Analyzer 316 examines information obtained by collector 312 and/or observations of state engine 314 to determine whether a data transfer was delayed or obstructed and/or to identify the locus of a delayed or obstructed data transfer. For example, if operating in an online mode to monitor a data transfer operation in real-time or near real-time, analyzer 316 (or state engine 314) may compare durations of states of the monitored operation to benchmarks for the various states of the state model or, equivalently, compare delays between state transitions of the operation to benchmarks for such transitions. If a delay exceeds a corresponding benchmark, the operation may be deemed delayed or obstructed. Or, if operating in an offline mode to diagnose a data operation observed to be slow (or to never finish), analyzer 316 may determine which state transition or state transitions took too long. In either case, by identifying the state transitions at which the operations were delayed, the analyzer can easily identify the realm in which the delay or bottleneck occurred.

Collector 312 and/or analyzer 316 may also operate to assemble benchmarks for different state transitions and/or overall data transfer operations, for use in identifying delayed or obstructed transitions and/or transfers. For example, times elapsed between a given pair of consecutive state transitions may be observed for some number of data transfer operations that were not considered slow or delayed. The average elapsed time, or some other representative value (e.g., the median elapsed time, the maximum elapsed time) may be adopted as the benchmark for that pair of state transitions. Different benchmarks may be established for different applications, different environmental factors (e.g., time of day, amount of data being transferred)

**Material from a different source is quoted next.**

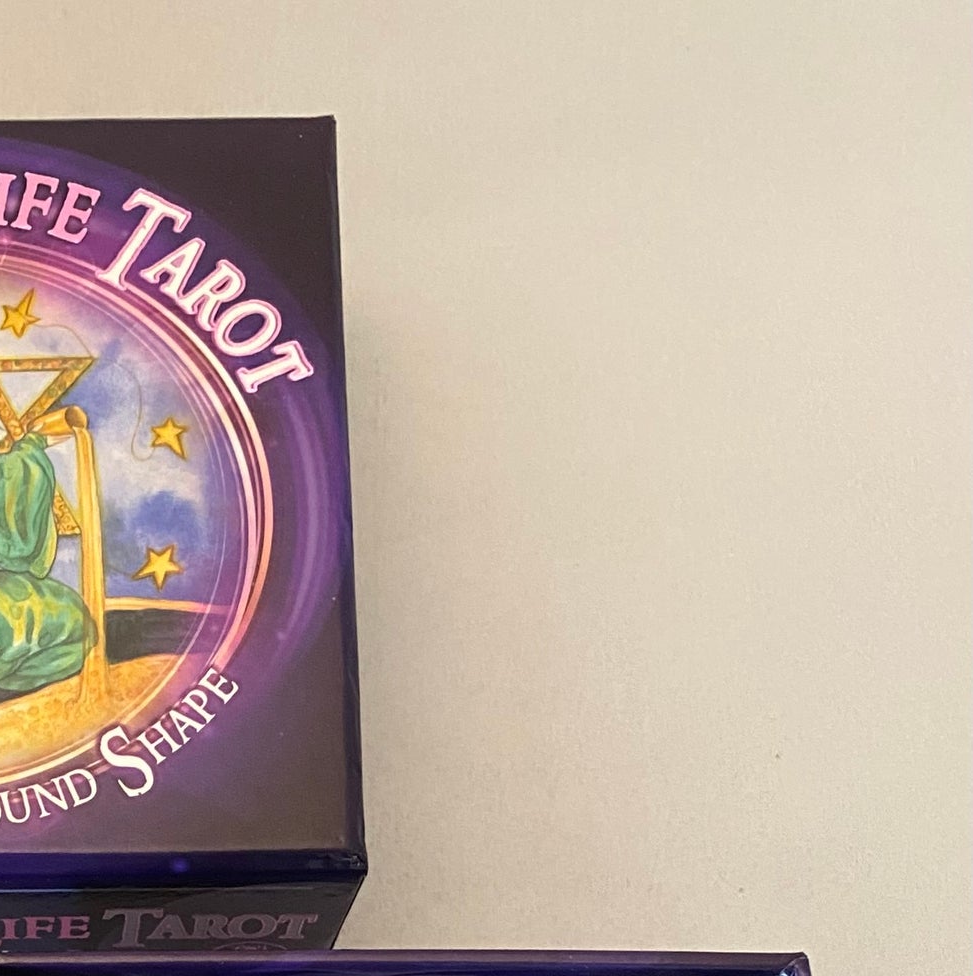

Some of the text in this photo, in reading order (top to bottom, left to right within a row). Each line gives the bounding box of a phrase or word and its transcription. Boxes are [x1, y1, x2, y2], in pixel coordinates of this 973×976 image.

[94, 187, 314, 396] TAROT
[98, 667, 239, 798] SHAPE
[102, 908, 319, 948] TAROT

Results generated by analyzer 316 and/or other elements of monitor 310 may be displayed on a display device for a human operator, may be transmitted to an operator via instant message, electronic mail, or other means, and may be logged or otherwise recorded on monitor 310 and/or other devices.

On individual data receivers and data senders, any suitable utilities or tools may be used to record useful information and to send it to monitor 310. For example, a given device may use the commands/utilities netstat and/or ss, with appropriate parameters. The netstat command yields statistics regarding network connections and network protocol statistics, such as the size of send queues and receive queues for TCP/IP sockets. The ss command yields various socket statistics, including queue sizes.

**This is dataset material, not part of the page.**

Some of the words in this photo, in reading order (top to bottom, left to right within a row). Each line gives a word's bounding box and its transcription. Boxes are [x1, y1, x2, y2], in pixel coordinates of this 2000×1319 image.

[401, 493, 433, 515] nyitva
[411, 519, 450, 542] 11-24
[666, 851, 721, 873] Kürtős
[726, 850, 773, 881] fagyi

When information is collected by collector 312 (or by individual devices for use by collector 312), some restrictions or guidelines for collecting the information may be applied. For example, if queue sizes (e.g., for send and receive queues) cannot be provided or collected continuously for sockets being used for data transfer operations, such as when only instantaneous values can be obtained, the queue sizes must be observed multiple times during a data transfer operation so that multiple data points will be available, and over a sufficiently long period of time to make the information meaningful.

For example, uncharacteristic results may be observed if all the readings were obtained during just 5% or 10% of the duration of the operation. Also, to avoid generating excessive overhead (e.g., by consuming many processor cycles), it may be advisable to apply relatively generous delays between readings (e.g., 5 seconds, 10 seconds).

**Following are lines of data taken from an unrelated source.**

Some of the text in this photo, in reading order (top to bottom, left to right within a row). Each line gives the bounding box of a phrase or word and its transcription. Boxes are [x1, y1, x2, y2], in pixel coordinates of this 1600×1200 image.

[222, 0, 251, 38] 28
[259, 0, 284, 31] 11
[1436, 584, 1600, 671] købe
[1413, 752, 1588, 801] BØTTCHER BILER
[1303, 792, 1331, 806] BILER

However, delays between invocations of netstat, ss, and/or other utilities or tools should be dynamic (i.e., not of fixed duration) in order to avoid accidental or coincidental synchronization with protocol operations. Otherwise, if an application was configured to read or write data every X seconds, and if a particular utility was invoked with the same periodicity, the results could be skewed. For example, if a utility for reading the size of a read queue was repeatedly invoked immediately after the corresponding application read from the queue (e.g., every X seconds), it may seem that the read queue was always empty.

FIG. 4 is a flow chart demonstrating a method of identifying a realm in which a data transfer is delayed or blocked, according to some embodiments. The method of FIG. 4 is applied offline, that is, after detection of a slow (or stuck) data transfer. Other methods for online troubleshooting, to identify a slow data transfer operation in real-time or near real-time and the realm in which the operation is obstructed, may be derived from the illustrated method. Also, in other embodiments, operations described below may be performed in different orders without exceeding the scope of these embodiments.

In operation 402, a single application or multiple cooperative applications execute on a client (or other data receiver) and on a server (or other data sender) and feature transmission or transfer of data from the server to the client. For example, the client may be a computing device and the client application may be a web browser, while the server is a front-end server and the server application is a web server that sends data requested by the web browser. In another scenario, the client application may be a database client and the server application may be a database application. Virtually any client and server applications may be employed in different embodiments, as long as necessary information is produced or retrieved from them to enable determination of the status of a given data transfer.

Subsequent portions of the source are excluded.